START INFORMATION SHOWN

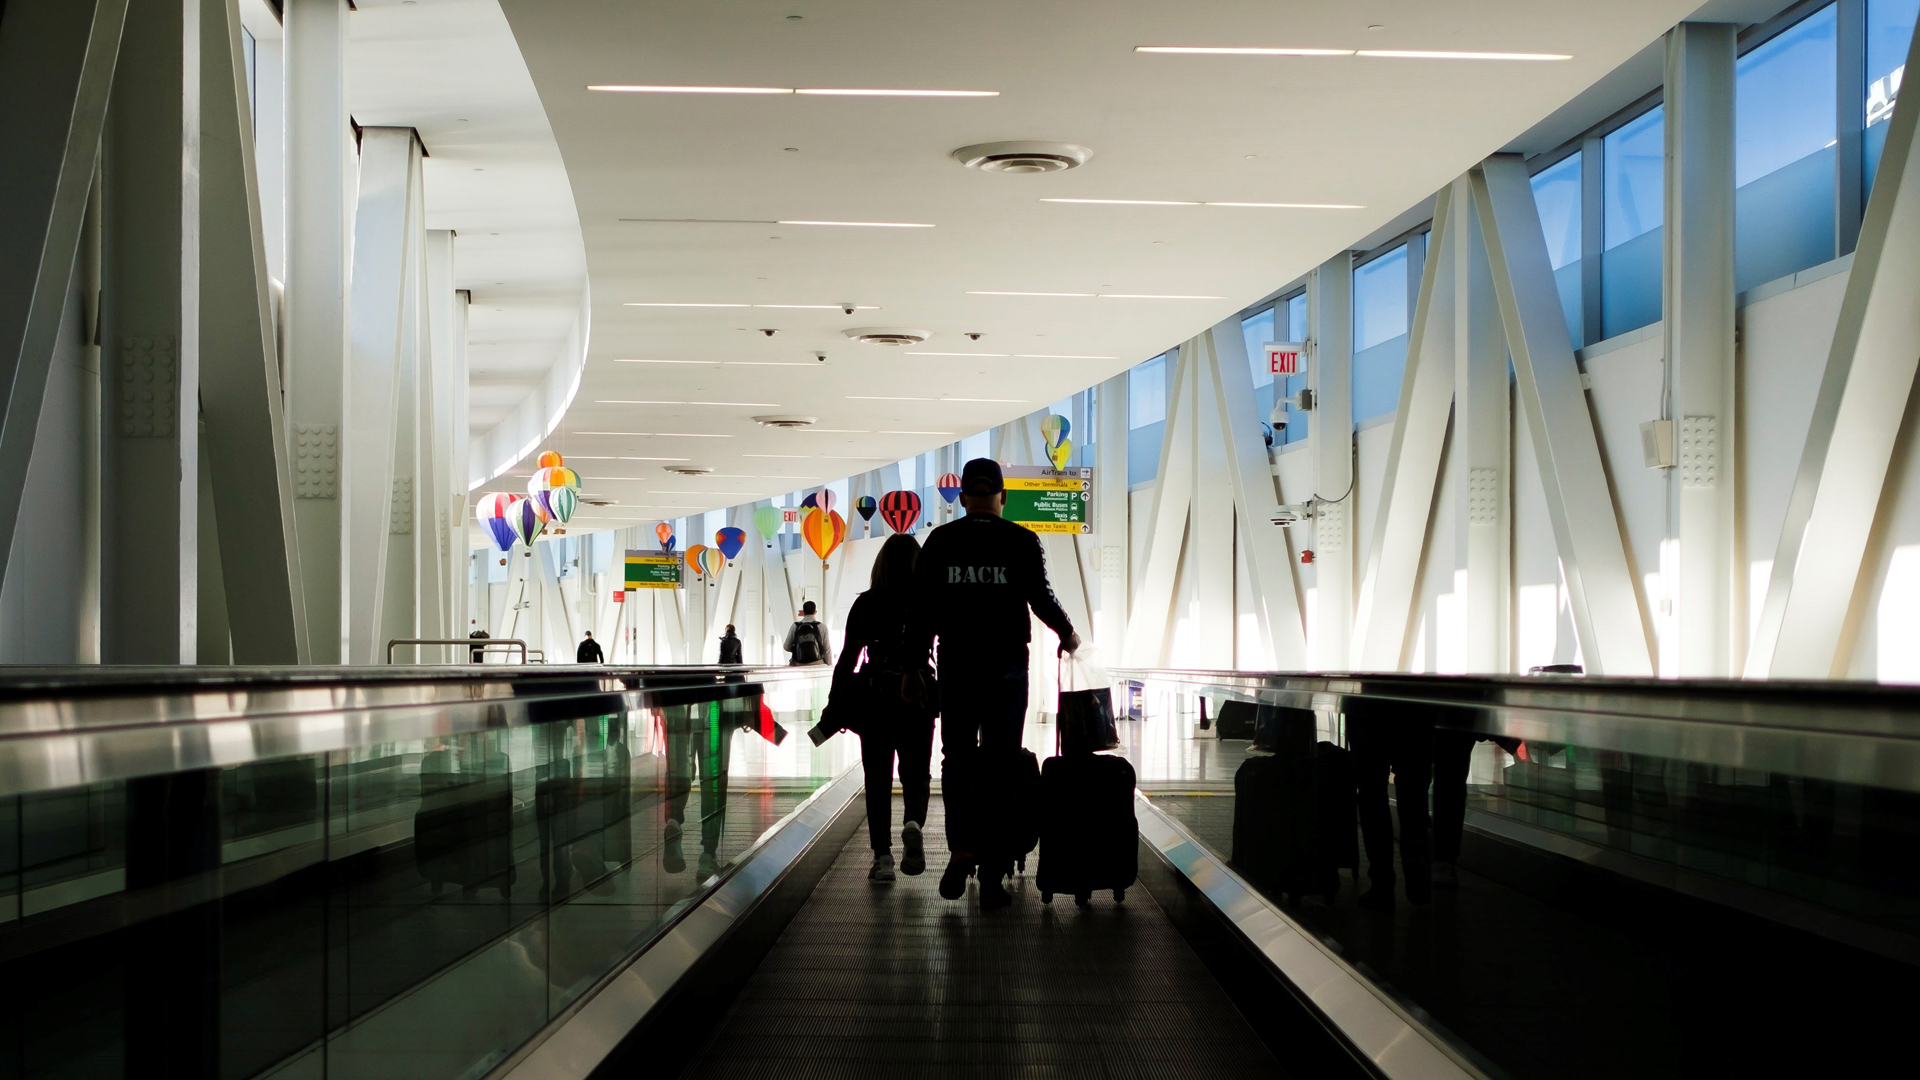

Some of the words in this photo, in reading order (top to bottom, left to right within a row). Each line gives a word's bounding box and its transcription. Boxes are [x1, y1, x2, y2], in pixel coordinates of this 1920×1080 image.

[1271, 352, 1297, 373] EXIT
[784, 511, 797, 521] EXIT
[947, 566, 1008, 584] BACK
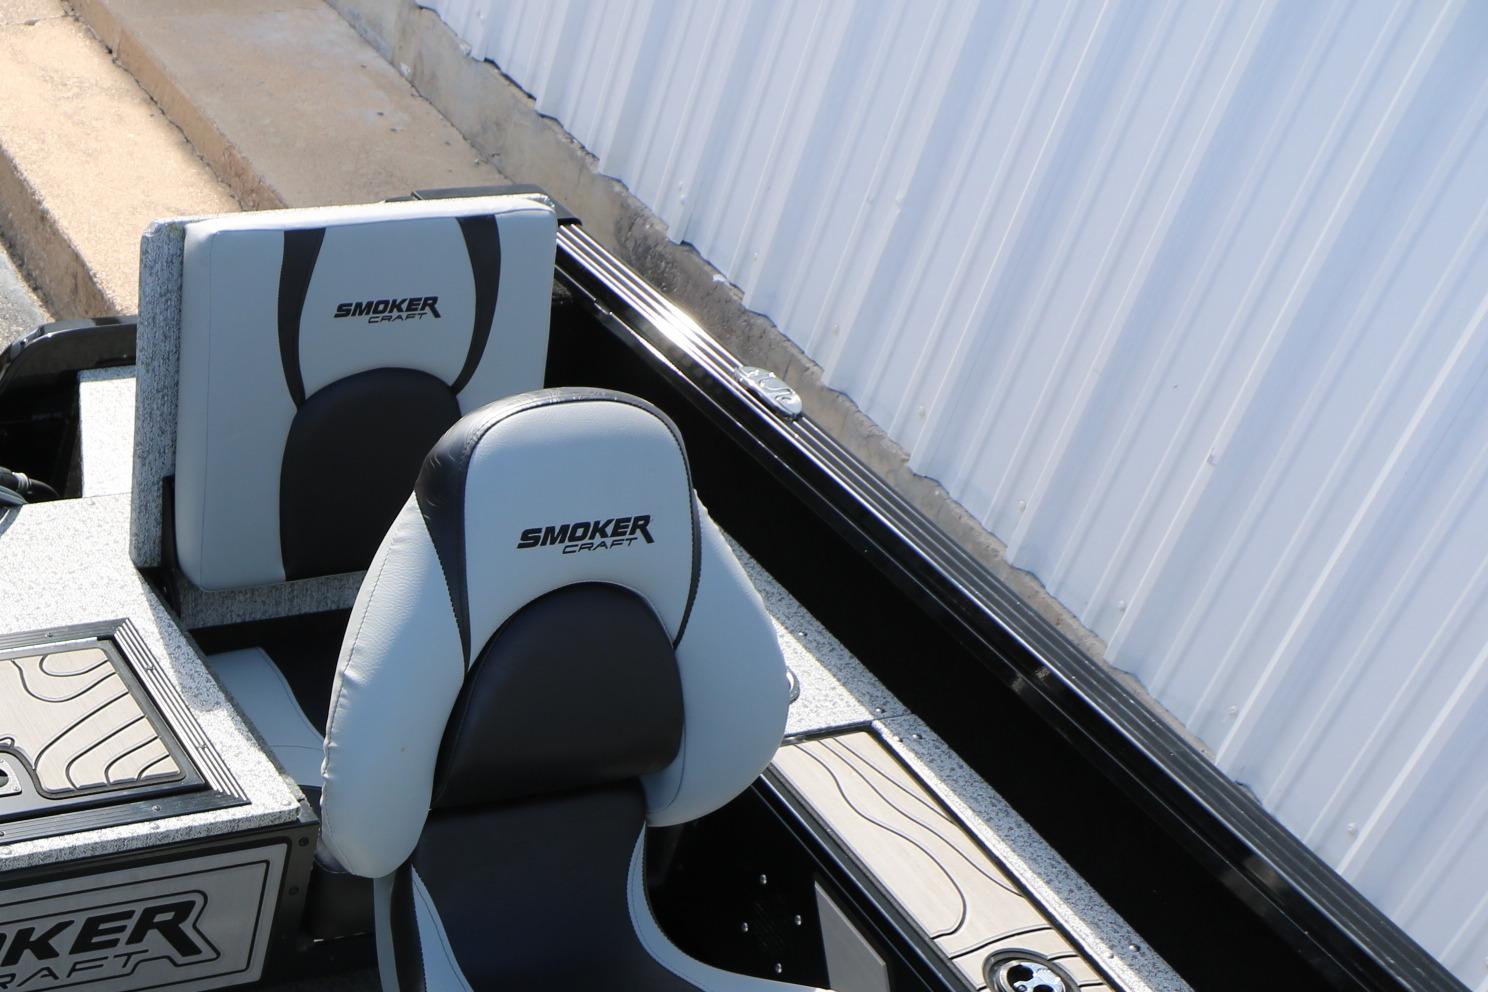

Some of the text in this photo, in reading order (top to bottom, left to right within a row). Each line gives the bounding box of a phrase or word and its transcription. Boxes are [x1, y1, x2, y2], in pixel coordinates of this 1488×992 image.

[334, 296, 441, 318] SMOKER
[368, 312, 427, 324] CRAFT
[517, 514, 654, 549] SMOKER
[562, 537, 638, 554] CRAFT
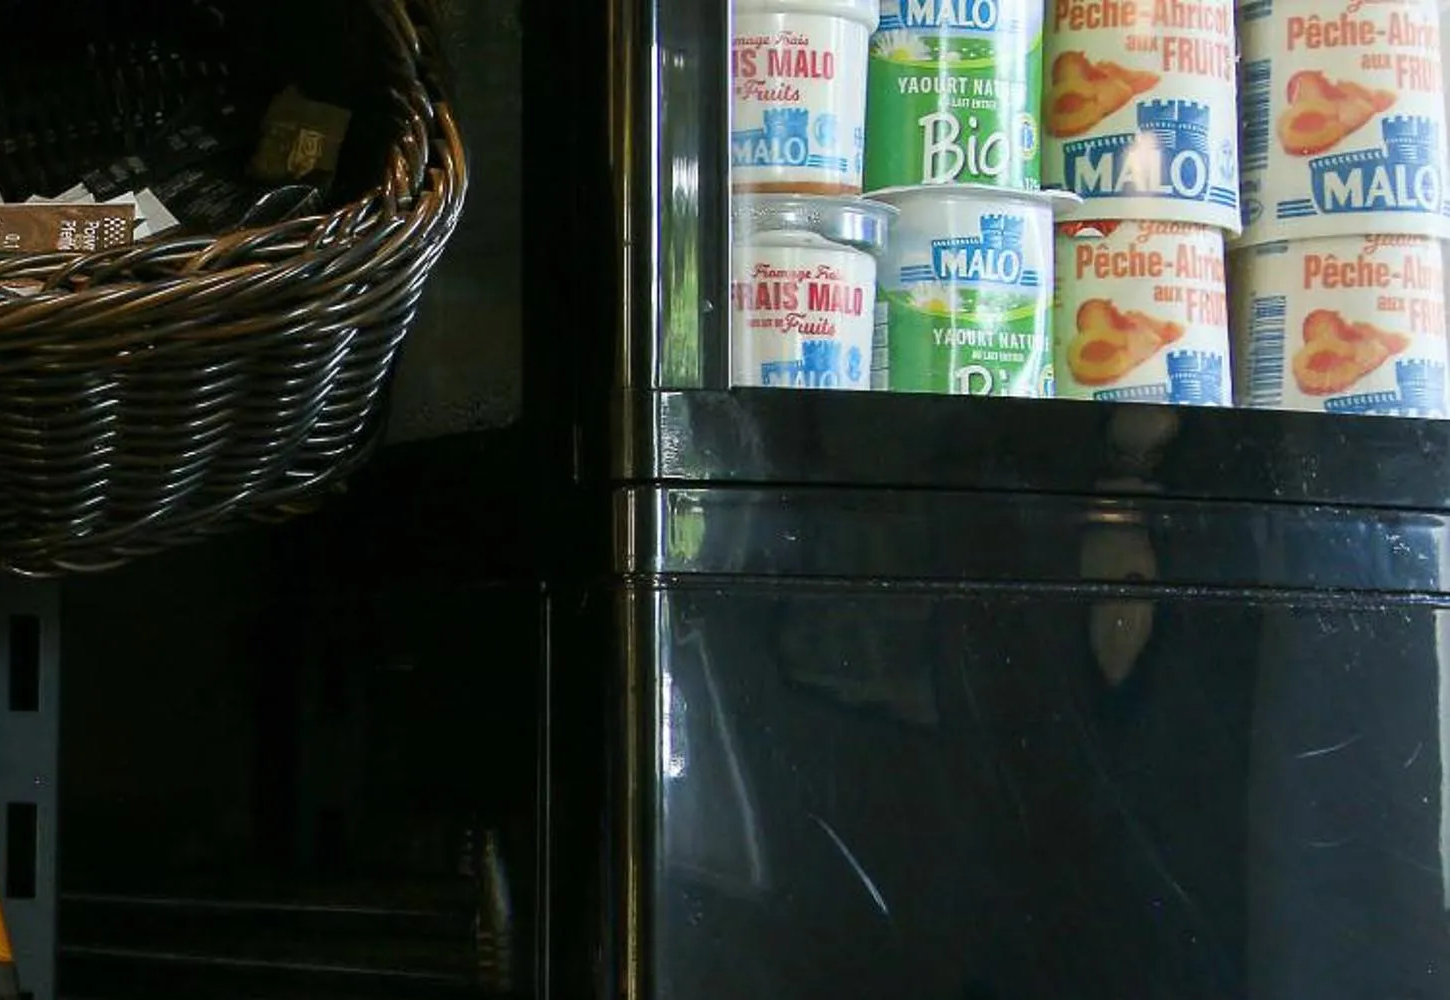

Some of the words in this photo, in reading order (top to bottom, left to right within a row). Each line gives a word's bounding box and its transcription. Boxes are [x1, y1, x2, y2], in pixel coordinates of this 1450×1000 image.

[906, 0, 997, 29] MALO
[1126, 34, 1159, 51] aux
[767, 49, 835, 80] MALO
[1361, 53, 1392, 70] aux
[742, 80, 801, 102] Fruits
[898, 76, 968, 94] YAOURT
[733, 136, 808, 166] MALO
[918, 112, 1011, 185] Bio
[1074, 148, 1208, 198] MALO
[1322, 163, 1444, 211] MALO
[940, 249, 1021, 283] MALO
[807, 281, 864, 317] MALO
[781, 312, 838, 336] Fruits
[933, 327, 994, 347] YAOURT

END INFORMATION SHOWN

Without changing a word, retype every entry above, but drop its pictures.

▶ **TASK OUTPUT**
Some of the words in this photo, in reading order (top to bottom, left to right within a row). Each line gives a word's bounding box and its transcription. Boxes are [x1, y1, x2, y2], in pixel coordinates of this 1920×1080 image.

[1271, 352, 1297, 373] EXIT
[784, 511, 797, 521] EXIT
[947, 566, 1008, 584] BACK

Some of the text in this photo, in reading order (top to bottom, left to right within a row). Each line gives the bounding box of a phrase or word and its transcription. Boxes are [x1, y1, x2, y2], in pixel coordinates of this 1488×992 image.

[334, 296, 441, 318] SMOKER
[368, 312, 427, 324] CRAFT
[517, 514, 654, 549] SMOKER
[562, 537, 638, 554] CRAFT

Some of the words in this photo, in reading order (top to bottom, left to right within a row). Each line gives a word's bounding box and its transcription. Boxes are [x1, y1, x2, y2], in pixel coordinates of this 1450×1000 image.

[906, 0, 997, 29] MALO
[1126, 34, 1159, 51] aux
[767, 49, 835, 80] MALO
[1361, 53, 1392, 70] aux
[742, 80, 801, 102] Fruits
[898, 76, 968, 94] YAOURT
[733, 136, 808, 166] MALO
[918, 112, 1011, 185] Bio
[1074, 148, 1208, 198] MALO
[1322, 163, 1444, 211] MALO
[940, 249, 1021, 283] MALO
[807, 281, 864, 317] MALO
[781, 312, 838, 336] Fruits
[933, 327, 994, 347] YAOURT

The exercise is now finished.